The stand out success of the Major years was the reduction in crime achieved by Michael Howard’s crime policies and the ‘prison works‘ policy, in particular.  Crime started falling after many years of punishing increases.  If Margaret Thatcher and Geoffrey Howe tore up the idea that it was government’s job to merely manage Britain’s economic decline, John Major and Michael Howard ended the state’s failure to contain crime.

In what ConservativeHome believes is the biggest and most positive policy announcement to yet emerge from David Cameron’s leadership, The Sunday Telegraph reports that the Conservatives want to plough £15bn into building more prisons and keeping offenders in jail for longer.  The cost will be met by scrapping Labour’s expensive ID cards scheme.  (9.30am update: David Davis, just speaking on Sunday AM, has said that The Sunday Telegraph has overstated the extent of planned prisons investment).

Matthew d’Ancona defends the policy in his Sunday Telegraph column:

"And just in case you think that sounds a bit un-compassionate, the Tories point out that greater prison capacity will reduce over-crowding, limit the movement of inmates from one prison to another, and thus make rehabilitation and education programmes more practical."

Tory traditionalists will warmly welcome this policy.  After months of declining to talk about Home Office responsibilities, Mr Cameron has raised the issue of crime at almost every PMQs since the foreign prisoners scandal broke.  The party now has a flagship policy to substantiate its own commitment to tackle crime.  Also, in The Sunday Telegraph, David Davis comments on the crisis engulfing Met chief Sir Iain Blair.

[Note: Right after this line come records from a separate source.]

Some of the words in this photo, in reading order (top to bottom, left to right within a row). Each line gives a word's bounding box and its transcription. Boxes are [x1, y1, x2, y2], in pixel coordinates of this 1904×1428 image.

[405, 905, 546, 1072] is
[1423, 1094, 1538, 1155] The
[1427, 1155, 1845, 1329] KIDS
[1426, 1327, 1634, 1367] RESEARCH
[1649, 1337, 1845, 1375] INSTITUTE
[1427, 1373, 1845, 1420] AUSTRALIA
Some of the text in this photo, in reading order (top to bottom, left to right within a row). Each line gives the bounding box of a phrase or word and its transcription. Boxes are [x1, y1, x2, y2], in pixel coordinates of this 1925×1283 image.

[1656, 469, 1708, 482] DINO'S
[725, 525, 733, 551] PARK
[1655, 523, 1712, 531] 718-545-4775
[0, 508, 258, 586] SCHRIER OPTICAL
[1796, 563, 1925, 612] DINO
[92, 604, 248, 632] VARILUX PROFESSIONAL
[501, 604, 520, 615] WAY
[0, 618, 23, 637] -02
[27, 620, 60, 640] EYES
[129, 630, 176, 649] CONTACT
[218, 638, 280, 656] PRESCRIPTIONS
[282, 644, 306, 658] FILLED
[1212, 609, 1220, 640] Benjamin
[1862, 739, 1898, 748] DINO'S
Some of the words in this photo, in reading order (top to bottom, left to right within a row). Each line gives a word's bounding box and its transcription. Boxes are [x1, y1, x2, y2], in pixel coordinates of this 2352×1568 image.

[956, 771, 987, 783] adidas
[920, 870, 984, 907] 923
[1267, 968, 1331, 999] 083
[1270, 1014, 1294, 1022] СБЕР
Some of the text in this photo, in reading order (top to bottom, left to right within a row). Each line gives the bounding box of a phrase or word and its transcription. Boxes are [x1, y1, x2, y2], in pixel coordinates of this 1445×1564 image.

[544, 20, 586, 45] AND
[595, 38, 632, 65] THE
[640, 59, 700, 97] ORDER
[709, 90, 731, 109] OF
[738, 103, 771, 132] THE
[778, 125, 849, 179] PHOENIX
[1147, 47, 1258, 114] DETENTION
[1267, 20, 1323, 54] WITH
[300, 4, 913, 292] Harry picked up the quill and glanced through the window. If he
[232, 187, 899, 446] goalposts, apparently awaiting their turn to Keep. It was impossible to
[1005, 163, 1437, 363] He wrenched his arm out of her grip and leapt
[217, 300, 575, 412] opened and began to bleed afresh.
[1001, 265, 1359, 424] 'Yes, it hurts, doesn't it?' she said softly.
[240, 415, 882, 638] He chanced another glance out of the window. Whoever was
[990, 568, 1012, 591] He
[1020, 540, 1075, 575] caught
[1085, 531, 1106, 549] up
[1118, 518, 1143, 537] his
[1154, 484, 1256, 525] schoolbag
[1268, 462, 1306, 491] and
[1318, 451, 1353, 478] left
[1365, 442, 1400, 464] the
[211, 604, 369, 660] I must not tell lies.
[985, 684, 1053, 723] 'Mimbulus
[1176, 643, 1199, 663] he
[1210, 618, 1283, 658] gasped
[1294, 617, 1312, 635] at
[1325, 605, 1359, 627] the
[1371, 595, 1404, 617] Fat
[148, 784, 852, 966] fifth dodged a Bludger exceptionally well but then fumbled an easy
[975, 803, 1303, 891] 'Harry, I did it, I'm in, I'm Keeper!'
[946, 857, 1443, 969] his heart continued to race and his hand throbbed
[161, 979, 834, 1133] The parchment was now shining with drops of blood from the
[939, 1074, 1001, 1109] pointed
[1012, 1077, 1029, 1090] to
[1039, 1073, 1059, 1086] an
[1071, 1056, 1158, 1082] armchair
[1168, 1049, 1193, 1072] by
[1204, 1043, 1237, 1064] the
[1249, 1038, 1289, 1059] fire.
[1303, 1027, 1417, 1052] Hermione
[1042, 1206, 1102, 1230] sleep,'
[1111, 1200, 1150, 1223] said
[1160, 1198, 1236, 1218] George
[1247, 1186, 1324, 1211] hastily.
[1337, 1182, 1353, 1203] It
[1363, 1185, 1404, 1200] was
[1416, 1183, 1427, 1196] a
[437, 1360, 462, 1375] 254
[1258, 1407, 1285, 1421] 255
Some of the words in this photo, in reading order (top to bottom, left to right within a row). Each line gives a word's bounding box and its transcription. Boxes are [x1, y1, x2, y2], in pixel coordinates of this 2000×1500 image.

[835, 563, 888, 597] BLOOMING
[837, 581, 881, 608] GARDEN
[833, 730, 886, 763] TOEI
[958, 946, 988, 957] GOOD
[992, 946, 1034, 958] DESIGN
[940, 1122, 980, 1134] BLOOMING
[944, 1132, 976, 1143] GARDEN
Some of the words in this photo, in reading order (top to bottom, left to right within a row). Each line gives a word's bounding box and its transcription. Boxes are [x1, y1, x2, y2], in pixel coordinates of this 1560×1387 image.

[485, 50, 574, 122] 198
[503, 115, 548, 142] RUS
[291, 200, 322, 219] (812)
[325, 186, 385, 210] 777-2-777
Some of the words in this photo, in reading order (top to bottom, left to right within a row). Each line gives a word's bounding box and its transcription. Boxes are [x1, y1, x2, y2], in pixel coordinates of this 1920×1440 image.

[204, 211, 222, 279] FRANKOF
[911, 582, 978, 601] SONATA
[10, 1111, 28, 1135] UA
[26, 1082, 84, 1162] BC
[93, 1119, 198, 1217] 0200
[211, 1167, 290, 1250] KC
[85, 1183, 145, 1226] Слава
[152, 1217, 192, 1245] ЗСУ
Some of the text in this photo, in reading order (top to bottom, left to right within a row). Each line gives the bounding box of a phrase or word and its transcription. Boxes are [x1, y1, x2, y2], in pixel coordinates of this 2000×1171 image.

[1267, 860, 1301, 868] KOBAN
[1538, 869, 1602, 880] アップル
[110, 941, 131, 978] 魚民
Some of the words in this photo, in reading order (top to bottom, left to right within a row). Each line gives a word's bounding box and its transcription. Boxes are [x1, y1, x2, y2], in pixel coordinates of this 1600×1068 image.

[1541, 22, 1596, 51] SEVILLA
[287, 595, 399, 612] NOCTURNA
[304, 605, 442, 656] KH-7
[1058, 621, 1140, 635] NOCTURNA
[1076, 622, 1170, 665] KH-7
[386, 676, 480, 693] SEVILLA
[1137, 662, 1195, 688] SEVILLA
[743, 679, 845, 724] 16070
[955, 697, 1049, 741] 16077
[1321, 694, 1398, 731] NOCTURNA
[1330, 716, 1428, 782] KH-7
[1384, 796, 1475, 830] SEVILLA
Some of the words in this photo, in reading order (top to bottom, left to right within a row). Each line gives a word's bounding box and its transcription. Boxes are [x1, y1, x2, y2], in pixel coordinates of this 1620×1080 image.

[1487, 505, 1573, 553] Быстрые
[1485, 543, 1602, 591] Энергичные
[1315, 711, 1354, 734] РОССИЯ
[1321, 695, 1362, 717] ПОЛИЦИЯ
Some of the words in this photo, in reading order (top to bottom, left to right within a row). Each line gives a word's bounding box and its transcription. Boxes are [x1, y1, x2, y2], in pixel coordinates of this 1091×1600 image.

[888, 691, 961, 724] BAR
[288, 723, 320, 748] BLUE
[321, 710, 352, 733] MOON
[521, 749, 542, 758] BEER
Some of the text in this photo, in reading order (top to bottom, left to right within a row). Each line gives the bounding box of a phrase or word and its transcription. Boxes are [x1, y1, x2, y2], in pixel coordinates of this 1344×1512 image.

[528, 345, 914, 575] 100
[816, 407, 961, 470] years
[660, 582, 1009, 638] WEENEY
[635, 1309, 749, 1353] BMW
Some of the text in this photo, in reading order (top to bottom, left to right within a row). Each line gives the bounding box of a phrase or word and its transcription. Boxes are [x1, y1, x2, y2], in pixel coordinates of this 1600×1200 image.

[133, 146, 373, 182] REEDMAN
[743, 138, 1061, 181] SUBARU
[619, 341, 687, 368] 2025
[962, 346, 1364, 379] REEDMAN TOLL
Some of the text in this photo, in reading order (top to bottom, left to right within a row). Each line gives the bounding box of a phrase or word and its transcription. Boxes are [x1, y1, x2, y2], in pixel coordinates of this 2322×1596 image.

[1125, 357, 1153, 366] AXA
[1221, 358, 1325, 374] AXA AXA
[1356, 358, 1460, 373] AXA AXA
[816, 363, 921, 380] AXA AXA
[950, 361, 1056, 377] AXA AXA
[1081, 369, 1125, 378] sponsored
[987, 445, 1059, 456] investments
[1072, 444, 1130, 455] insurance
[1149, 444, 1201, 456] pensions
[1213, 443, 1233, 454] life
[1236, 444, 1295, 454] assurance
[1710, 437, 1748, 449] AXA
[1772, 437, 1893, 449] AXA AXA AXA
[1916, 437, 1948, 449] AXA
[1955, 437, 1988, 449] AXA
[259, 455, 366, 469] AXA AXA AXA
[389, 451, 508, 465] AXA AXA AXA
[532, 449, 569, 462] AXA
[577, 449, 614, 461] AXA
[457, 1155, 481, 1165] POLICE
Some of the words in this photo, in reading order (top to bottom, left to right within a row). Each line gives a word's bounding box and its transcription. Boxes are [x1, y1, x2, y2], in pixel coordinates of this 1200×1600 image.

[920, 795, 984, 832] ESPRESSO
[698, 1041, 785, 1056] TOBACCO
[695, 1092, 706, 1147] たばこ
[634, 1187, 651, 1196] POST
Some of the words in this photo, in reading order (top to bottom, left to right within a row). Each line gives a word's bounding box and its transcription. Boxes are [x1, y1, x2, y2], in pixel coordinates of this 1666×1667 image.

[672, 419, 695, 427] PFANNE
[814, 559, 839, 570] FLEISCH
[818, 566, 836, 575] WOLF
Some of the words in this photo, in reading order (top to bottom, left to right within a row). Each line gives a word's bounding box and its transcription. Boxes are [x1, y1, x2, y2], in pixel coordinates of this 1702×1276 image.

TasersAnother, more controversial crime-fighting policy, is suggested by the Shadow Home Secretary’s near-namesake, David Davies, the Tory MP for Monmouth.  Writing for the Mail on Sunday, Mr Davies – who is also running a campaign to stop all further early releases – was recently the victim of a serious burgulary.  He believes that homeowners should be permitted to use Taser electronic stun guns against intruders.  The US-based Taser company notes that Tasers effect temporary but immediate paralysis in their target by overwhelming the central nervous system with a 50,000 volt shock.  Mr Davies, explaining why homeowners should have Taser guns:

"There is an unwritten compact between the State and the citizen.  The State has an obligation to use its might to keep us safe from crime. In return, individual householders agree not to bear arms or use anything more than minimal force against intruders.  The State, under Labour and Tony Blair, has manifestly failed to keep its side of the bargain – showing itself to be indifferent to the plight of burgulary victims.  So now is the time to begin a serious debate about giving citizens new powers to protect their property and families."

Some British police forces are beginning to use Tasers but opponents claim that as many as 50 American civilians have suffered fatal heart attacks after having been ‘Tasered’.